Apparently it's the most famous painting discovered in the buried city of Pompeii – indeed the most famous surviving anywhere in the Roman world – the curious frieze that covers the walls of a large room in the Villa of the Mysteries, a substantial property just outside the boundary of the ancient city. Painted in the mid-1st century BC, a series of almost life-size figures that has become the modern icon of Pompeii, copied on to thousands of posters, ashtrays and fridge magnets.

Ronnie
xx

8 comments:

Hermione said...

I know that women are not allowed to see some of the paintings at Pompeii, and I always figured that there must be whippings depicted, among other erotic images.

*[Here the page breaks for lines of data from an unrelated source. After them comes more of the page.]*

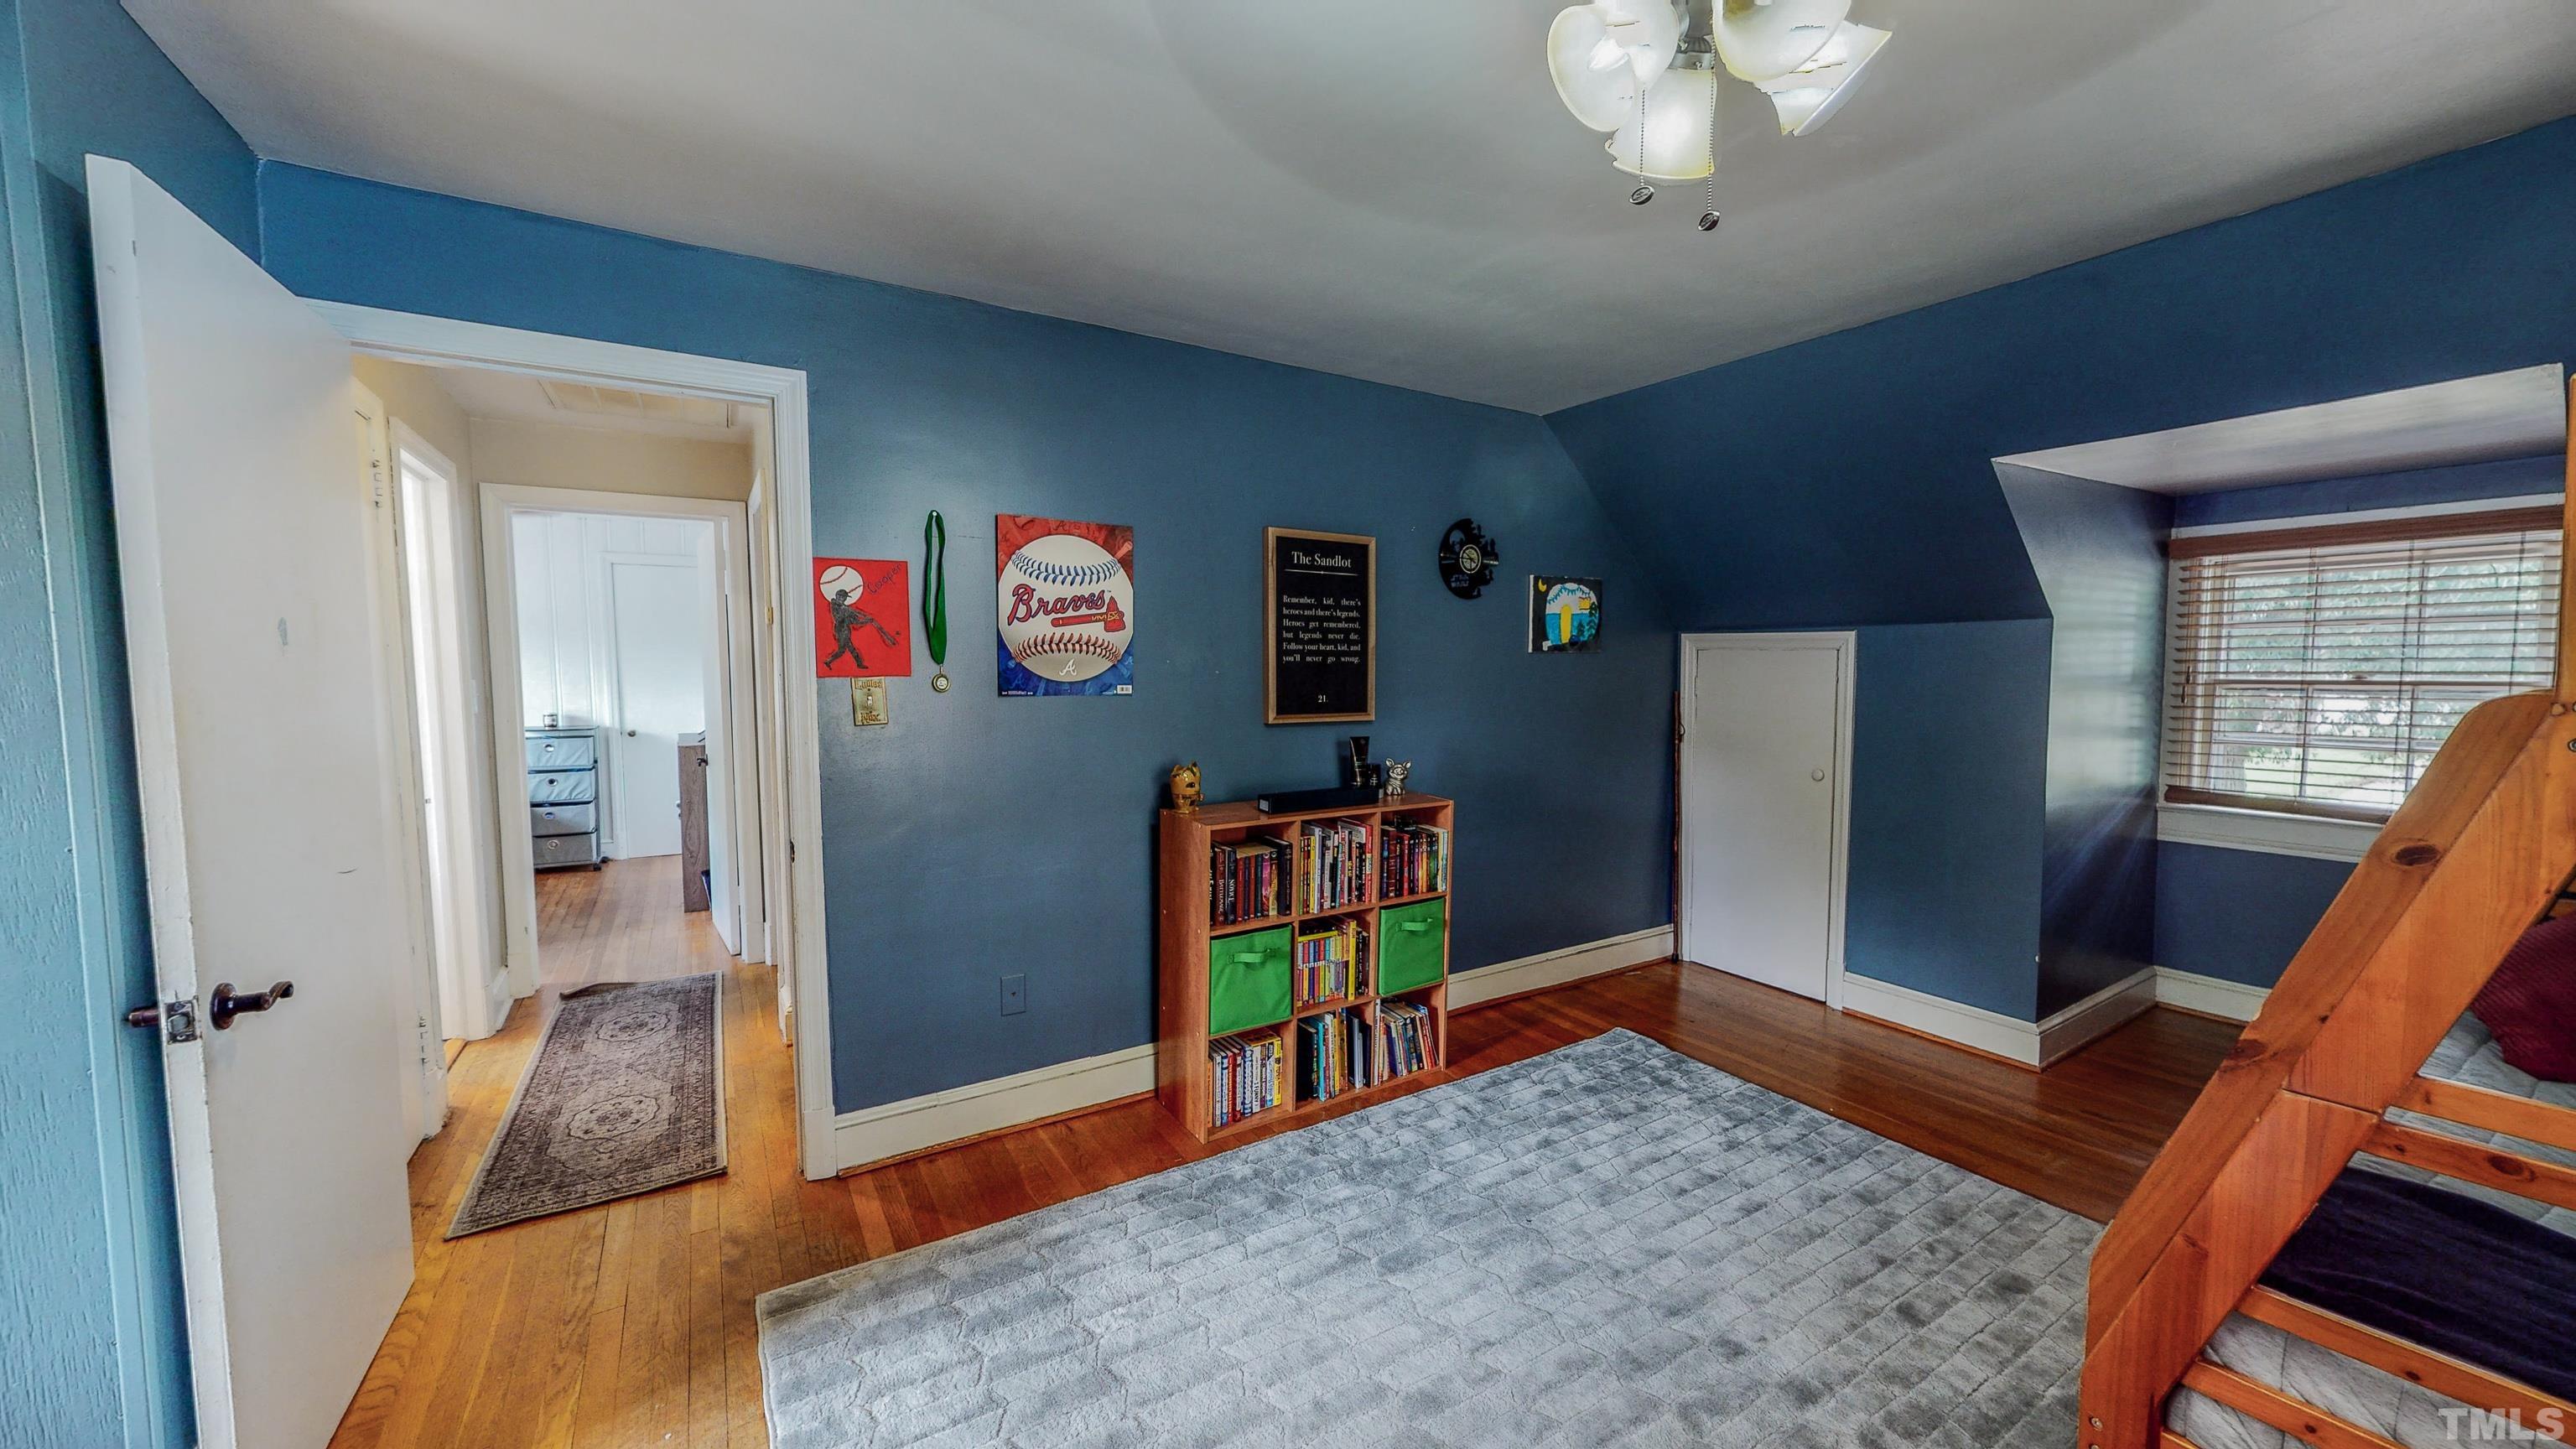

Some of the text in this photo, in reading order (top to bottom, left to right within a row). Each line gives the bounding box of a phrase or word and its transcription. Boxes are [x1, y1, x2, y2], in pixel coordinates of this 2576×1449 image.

[1291, 551, 1352, 568] The Sandlot
[1007, 584, 1105, 626] Braves
[1323, 597, 1335, 605] kid,
[1283, 606, 1303, 615] heroes
[1316, 608, 1336, 616] there's
[1283, 618, 1305, 627] Heroes
[1299, 631, 1322, 641] legends
[1283, 641, 1303, 650] Follow
[1304, 644, 1318, 652] your
[1337, 643, 1349, 652] kid,
[1283, 654, 1301, 663] you'll

Thanks for sharing, Ronnie.

Hugs,
Hermione

Daisychain said...

oh, MY!!!
Great investigative skills, Ronnie! xxxxxxx

SPANKEDHORTIC said...

I wonder if Emperor Augustus (well known as a submissive) had any rooms with special wall paintings, in Rome, that are now lost to us?

Prefectdt

ronnie said...

Hermione - Your welcome. I'd heard that but not sure if it's still the case now.

Daisy - Just an interesting article I spotted, well I thought it was.

Prefectdt - Oh I'm sure there were.

Thank you all so much for stopping by, appreciate it.

Love,
Ronnie
xx

Anonymous said...

interesting to read. Pompeii is on our list to visit. As you know,we love travelling.
cheers
red

ronnie said...

Thanks Red. I hope you do make the visit and let us know all about it.
Have you been to Rome? I've been so luck to visit many wonderful cities and Rome blew me away.

Love,
Ronnie
xx

Anonymous said...

Hi Ronnie: Been to Rome, and many other cities on a couple of Mediterranean cruises, that also were a transatlantic ending in Florida, our home state.
Loved Rome, and just about every other place we stopped.
Love
Red

dublin.paolo said...

The 'Villa of the Mysteries'....what a wonderful and intriguing place it must have been Ronnie.

What is going on in those images indeed?

I did a little further investigating and came across this....

"Dionysus is the ancient Greek god of wine, wine cups, wineskin, grapes, and fertility. A major figure of Greek mythology, his cult was linked to ritual madness, joyful worship, ecstasy and carnivals....on this website...(http://historyoftheancientworld.com)

It gets more interesting don't you think?